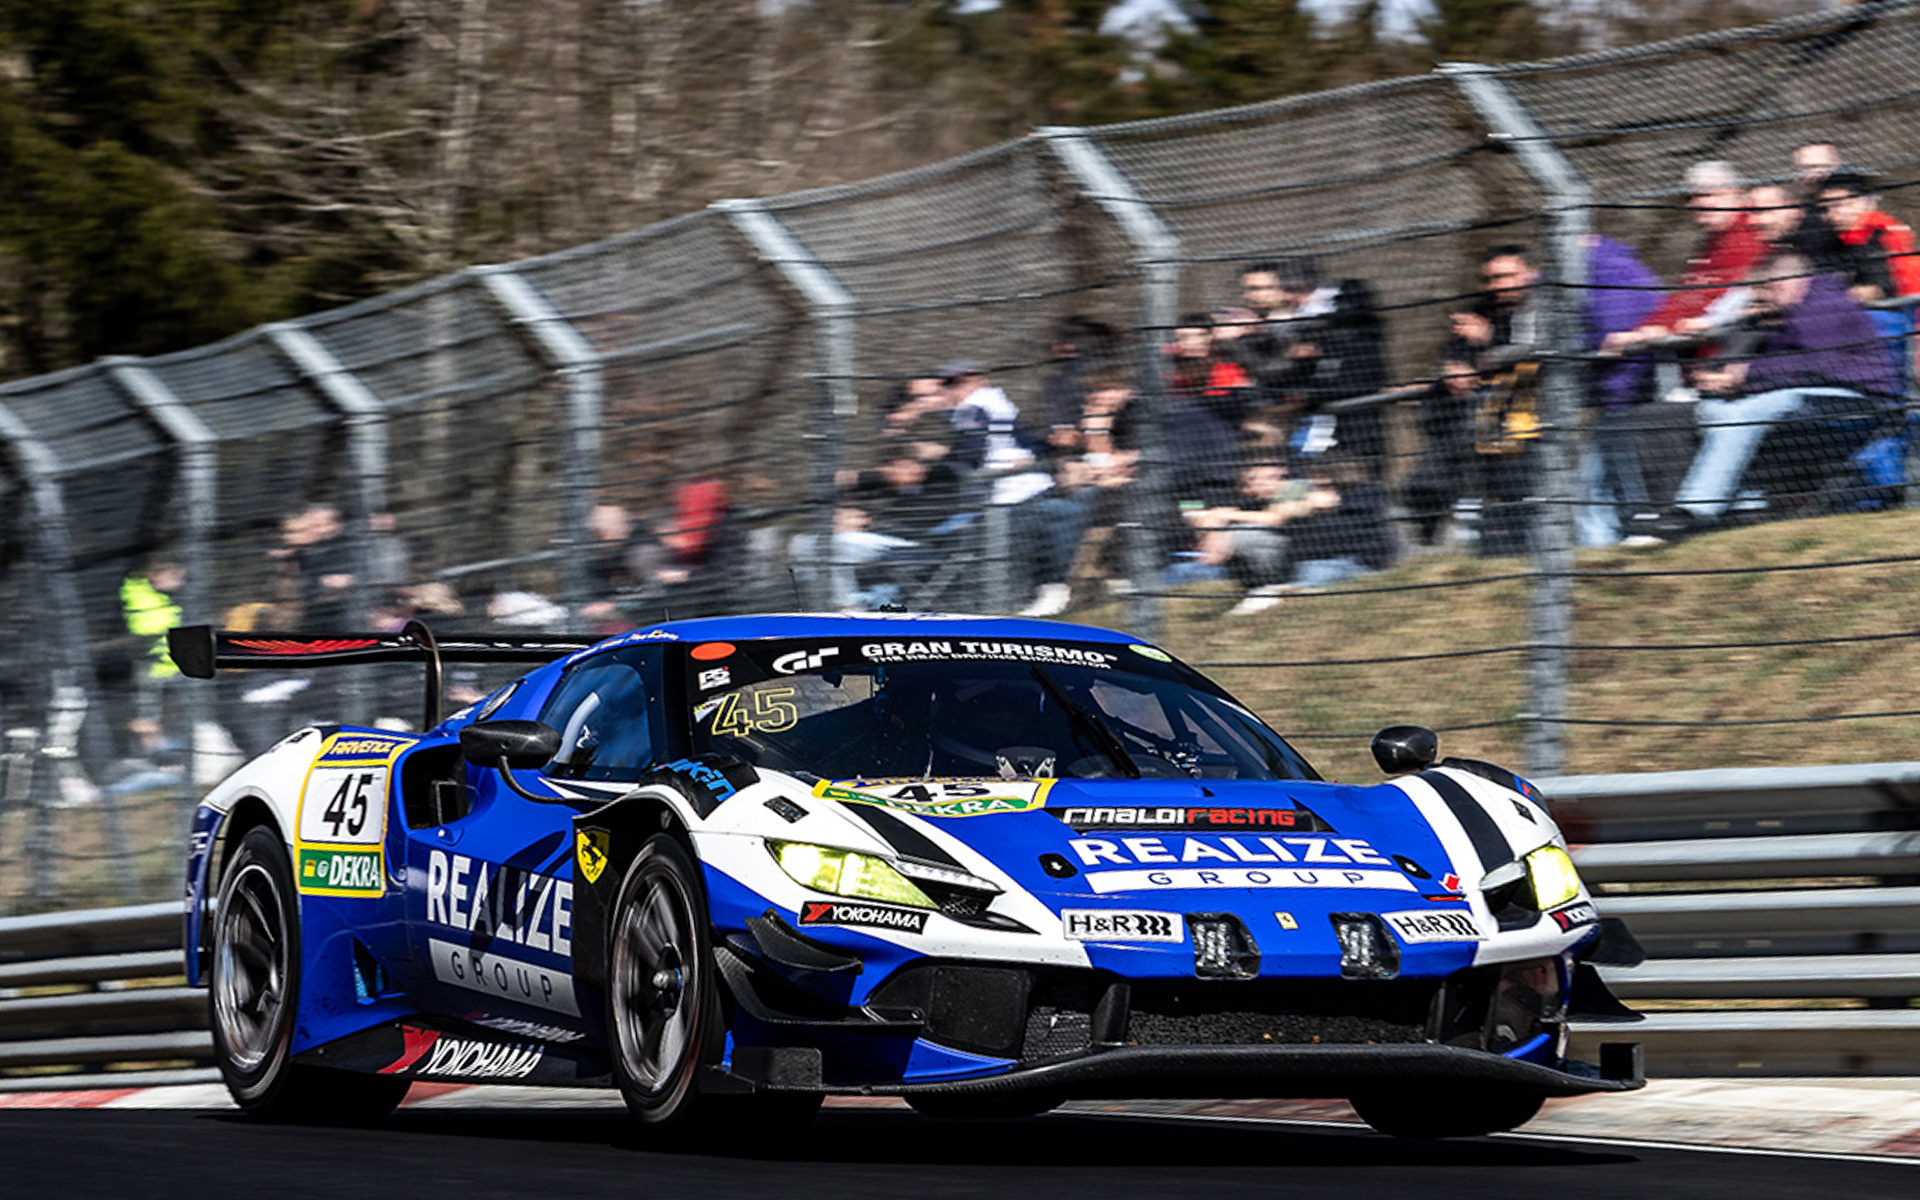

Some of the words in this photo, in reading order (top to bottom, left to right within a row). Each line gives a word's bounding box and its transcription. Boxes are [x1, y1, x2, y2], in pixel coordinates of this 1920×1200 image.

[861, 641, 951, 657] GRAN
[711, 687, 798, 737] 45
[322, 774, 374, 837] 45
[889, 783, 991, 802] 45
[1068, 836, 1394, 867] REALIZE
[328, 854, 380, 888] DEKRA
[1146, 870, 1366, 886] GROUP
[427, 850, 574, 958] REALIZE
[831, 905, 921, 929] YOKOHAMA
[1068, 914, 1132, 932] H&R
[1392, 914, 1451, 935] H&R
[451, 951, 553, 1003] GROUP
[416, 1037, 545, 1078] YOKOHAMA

#### Instructions to follow:
Would you reproduce the listing above in full and exactly, without its pictures?

#### Result:
Some of the words in this photo, in reading order (top to bottom, left to right within a row). Each line gives a word's bounding box and its transcription. Boxes are [x1, y1, x2, y2], in pixel coordinates of this 1920×1200 image.

[861, 641, 951, 657] GRAN
[711, 687, 798, 737] 45
[322, 774, 374, 837] 45
[889, 783, 991, 802] 45
[1068, 836, 1394, 867] REALIZE
[328, 854, 380, 888] DEKRA
[1146, 870, 1366, 886] GROUP
[427, 850, 574, 958] REALIZE
[831, 905, 921, 929] YOKOHAMA
[1068, 914, 1132, 932] H&R
[1392, 914, 1451, 935] H&R
[451, 951, 553, 1003] GROUP
[416, 1037, 545, 1078] YOKOHAMA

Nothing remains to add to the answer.